I look back on the hardest periods of my life and they precipitated the biggest growth periods I’ve ever experienced. Don’t get me wrong, it was hard. And I definitely didn’t enjoy every moment of it.
But that painful breakup of a 6-year relationship made me realize who I really was and what I wanted from life. It caused me to re-examine my values and prioritize my own self-development and growth.
I rediscovered my passion for books, my love for writing and achieved quite a bit of success in my career on the back of that growth.
5. It is easier to change yourself than it is to change the world.
You can start to change the world by starting with yourself. Be the change you want to see in the world. Not just philosophically but through action.
Being a role model for the change you want to see is far more effective than screaming or shouting at someone that what they are doing is evil or wrong.
I don’t know anyone who has changed their mind after being yelled at.
Do you?
6. It is easier to attribute mistakes to incompetence rather than to malice.
“Never attribute to malice that which is adequately explained by stupidity” — Hanlon’s Razor
Most people are stupid, not malicious.
I would know. I make stupid decisions all the time. Sometimes my stupidity hurts people. Other times it costs other people time or money.
I’ve never set out with the intention of wanting to hurt someone. That would be cruel. Most people are the same but I almost never apply that same compassion to others.
Whenever someone cuts me off in traffic, I immediately think: ‘what a f***king dickhead.’ I am not perfect. But I am trying to get better.
Whenever that happens or again I try to default from a place of compassion rather than judgment.
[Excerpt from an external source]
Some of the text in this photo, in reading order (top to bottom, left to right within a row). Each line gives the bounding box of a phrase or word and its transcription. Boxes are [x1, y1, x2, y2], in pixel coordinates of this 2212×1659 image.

I don’t just do it because it's nicer to the other person. I do it because it is also nicer to me and better for my mental health and well-being.
Anger or resentment is like a poison you drink hoping that the other person dies — Saint Augustine.
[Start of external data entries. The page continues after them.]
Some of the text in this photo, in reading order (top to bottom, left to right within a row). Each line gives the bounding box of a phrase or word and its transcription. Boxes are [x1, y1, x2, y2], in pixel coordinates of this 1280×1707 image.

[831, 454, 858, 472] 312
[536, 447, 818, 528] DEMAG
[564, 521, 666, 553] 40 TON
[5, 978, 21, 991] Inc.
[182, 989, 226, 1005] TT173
7. It is easier to be less wrong than it is to be always right.
You are going to be wrong most of the time. And that’s okay. You shouldn’t aim to always be right in every decision. That’s perfection. And perfection in the face of uncertainty and incomplete information is a myth.
“You can be wrong half the time and still make a fortune,” writes Morgan Housel in his book The Psychology of Money.
In fact, the majority of good outcomes come from a small minority of good decisions. You only need to be less wrong more often to have a great life.
Venture Capital firms in Silicon Valley invest in 100 companies fully expecting that 90% of those investments won’t make any money. But if they happen to fund the next Facebook, Uber or AirBnb, the returns from a small minority of companies can pay off 10x their losses.
You can apply this same model to your life. What are some high-leverage activities that could have a disproportionate impact on your life?
For me, that’s reading, writing and podcasting. I see these activities as an investment in my long-term growth and development.
Will every book I read change my life?
Probably not. But the more I read the more I will create the chance for my life to be changed. All it takes is 3–4 great books to alter the path your life takes.